● Recorded data:
*** Block opens ***

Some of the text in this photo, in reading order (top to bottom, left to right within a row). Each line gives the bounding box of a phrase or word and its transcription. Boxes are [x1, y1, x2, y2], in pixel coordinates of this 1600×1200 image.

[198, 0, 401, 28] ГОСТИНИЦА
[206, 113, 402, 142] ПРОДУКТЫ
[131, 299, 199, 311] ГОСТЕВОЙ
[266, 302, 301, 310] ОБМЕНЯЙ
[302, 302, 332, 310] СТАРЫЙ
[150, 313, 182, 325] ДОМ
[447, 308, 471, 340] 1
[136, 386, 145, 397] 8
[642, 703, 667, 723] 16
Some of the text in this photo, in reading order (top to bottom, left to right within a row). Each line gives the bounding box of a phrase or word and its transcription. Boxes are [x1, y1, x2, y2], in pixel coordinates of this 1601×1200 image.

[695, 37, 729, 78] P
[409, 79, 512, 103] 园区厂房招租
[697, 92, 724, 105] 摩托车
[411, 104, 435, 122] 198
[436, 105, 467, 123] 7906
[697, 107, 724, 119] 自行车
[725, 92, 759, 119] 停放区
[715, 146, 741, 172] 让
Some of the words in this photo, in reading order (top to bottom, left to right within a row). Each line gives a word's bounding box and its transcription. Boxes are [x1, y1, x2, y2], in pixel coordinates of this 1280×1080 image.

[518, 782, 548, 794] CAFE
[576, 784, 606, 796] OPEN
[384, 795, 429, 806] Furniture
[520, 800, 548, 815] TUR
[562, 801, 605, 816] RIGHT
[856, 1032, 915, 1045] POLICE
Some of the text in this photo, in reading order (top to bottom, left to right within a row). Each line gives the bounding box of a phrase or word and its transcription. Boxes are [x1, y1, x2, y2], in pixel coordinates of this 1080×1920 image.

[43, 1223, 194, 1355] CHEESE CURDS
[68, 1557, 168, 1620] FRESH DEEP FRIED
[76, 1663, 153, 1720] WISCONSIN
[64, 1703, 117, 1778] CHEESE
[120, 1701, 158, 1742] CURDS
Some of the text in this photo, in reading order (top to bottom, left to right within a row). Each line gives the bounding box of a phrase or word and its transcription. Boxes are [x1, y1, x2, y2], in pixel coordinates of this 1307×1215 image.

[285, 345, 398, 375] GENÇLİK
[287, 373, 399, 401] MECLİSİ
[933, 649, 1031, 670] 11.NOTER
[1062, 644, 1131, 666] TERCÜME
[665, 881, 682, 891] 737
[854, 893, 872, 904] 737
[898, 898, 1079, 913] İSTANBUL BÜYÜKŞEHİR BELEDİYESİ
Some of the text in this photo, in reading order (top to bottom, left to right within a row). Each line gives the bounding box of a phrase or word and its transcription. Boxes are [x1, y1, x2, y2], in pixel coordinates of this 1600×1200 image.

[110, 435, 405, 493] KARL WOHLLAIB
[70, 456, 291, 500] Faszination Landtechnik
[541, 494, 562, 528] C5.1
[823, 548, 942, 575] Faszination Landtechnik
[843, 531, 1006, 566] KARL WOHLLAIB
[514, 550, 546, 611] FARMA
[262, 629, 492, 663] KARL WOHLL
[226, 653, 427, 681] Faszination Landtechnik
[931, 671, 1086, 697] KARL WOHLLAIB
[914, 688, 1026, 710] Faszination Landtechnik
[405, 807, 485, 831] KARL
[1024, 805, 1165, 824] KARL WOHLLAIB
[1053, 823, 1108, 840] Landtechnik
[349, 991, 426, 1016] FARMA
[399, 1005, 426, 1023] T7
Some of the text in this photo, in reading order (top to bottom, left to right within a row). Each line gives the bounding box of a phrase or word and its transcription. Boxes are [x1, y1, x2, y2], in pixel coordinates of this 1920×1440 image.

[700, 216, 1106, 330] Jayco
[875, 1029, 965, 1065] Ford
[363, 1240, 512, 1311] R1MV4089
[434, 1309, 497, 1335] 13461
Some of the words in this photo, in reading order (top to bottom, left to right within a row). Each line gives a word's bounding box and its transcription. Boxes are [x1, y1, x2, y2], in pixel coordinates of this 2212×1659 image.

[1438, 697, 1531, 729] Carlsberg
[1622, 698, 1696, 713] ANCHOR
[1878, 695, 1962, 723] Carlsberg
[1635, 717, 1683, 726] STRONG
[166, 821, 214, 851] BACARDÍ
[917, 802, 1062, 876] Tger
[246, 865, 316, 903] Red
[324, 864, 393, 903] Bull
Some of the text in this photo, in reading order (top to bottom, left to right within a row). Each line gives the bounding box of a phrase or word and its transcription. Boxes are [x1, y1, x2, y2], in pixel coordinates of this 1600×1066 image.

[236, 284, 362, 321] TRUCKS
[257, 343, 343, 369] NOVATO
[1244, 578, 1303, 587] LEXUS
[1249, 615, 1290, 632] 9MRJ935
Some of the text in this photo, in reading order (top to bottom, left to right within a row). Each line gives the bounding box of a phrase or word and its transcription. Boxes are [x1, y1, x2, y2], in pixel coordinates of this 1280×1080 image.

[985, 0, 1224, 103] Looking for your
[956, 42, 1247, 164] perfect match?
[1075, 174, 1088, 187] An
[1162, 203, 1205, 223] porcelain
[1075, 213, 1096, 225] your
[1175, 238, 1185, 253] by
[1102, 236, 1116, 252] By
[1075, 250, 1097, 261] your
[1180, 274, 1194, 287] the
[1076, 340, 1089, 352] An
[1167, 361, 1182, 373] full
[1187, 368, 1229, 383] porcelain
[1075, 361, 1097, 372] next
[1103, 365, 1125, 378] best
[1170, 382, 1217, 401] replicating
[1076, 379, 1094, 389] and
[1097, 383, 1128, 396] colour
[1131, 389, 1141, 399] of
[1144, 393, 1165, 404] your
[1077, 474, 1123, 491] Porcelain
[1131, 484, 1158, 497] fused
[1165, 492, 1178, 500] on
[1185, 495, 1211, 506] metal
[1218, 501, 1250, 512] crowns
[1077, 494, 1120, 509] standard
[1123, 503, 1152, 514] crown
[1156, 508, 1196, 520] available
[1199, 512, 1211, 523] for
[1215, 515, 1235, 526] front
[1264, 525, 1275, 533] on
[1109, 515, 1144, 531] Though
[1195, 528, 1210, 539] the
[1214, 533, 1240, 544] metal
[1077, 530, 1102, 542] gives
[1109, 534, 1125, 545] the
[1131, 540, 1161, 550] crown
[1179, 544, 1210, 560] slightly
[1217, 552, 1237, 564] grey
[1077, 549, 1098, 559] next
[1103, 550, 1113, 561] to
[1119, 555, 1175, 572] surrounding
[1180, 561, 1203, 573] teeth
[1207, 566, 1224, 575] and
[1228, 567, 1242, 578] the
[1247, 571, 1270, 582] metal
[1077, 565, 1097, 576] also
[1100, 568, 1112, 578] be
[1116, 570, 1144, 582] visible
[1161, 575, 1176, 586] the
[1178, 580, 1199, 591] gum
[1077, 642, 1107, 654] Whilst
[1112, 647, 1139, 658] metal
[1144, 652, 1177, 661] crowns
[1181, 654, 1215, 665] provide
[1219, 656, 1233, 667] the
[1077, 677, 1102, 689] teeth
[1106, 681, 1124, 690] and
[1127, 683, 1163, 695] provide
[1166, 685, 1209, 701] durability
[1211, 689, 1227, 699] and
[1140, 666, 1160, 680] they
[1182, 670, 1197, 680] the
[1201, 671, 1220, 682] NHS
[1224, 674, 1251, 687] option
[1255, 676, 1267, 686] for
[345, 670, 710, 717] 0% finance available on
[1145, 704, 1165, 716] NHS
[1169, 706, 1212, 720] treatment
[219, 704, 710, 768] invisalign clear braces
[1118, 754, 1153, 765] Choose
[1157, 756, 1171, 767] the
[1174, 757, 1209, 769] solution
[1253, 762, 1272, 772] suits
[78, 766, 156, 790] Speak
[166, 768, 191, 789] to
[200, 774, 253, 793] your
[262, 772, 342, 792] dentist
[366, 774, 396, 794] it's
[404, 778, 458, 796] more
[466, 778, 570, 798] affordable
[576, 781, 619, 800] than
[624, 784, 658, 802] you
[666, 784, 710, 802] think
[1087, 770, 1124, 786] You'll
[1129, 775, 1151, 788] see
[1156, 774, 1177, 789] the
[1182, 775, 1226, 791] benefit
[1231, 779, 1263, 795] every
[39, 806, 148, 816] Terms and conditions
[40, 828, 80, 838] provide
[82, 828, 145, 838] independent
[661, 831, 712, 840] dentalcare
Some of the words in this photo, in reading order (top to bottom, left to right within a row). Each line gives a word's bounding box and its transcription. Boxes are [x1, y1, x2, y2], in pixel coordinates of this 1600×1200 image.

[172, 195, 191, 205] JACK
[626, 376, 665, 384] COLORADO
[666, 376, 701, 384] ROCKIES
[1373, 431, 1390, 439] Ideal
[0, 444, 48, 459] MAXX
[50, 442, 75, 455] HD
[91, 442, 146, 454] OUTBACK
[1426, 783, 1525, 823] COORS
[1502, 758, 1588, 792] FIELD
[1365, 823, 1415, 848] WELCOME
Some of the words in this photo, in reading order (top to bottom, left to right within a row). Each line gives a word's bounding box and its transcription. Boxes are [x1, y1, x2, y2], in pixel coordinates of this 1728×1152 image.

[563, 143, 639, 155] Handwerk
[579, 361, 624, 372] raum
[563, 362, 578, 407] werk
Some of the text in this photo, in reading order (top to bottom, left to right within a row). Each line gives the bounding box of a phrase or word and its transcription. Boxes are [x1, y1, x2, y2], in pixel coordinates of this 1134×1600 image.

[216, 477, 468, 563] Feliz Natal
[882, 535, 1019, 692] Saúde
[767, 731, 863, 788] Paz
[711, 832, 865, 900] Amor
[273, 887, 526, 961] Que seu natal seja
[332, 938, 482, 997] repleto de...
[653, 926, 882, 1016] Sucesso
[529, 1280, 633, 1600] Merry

*** Block closes ***

● Requirement:
Write out again, exactly, the line containing "this 1134×1600 image." and every later line of the records. Omit the rest.

● Answer:
Some of the text in this photo, in reading order (top to bottom, left to right within a row). Each line gives the bounding box of a phrase or word and its transcription. Boxes are [x1, y1, x2, y2], in pixel coordinates of this 1134×1600 image.

[216, 477, 468, 563] Feliz Natal
[882, 535, 1019, 692] Saúde
[767, 731, 863, 788] Paz
[711, 832, 865, 900] Amor
[273, 887, 526, 961] Que seu natal seja
[332, 938, 482, 997] repleto de...
[653, 926, 882, 1016] Sucesso
[529, 1280, 633, 1600] Merry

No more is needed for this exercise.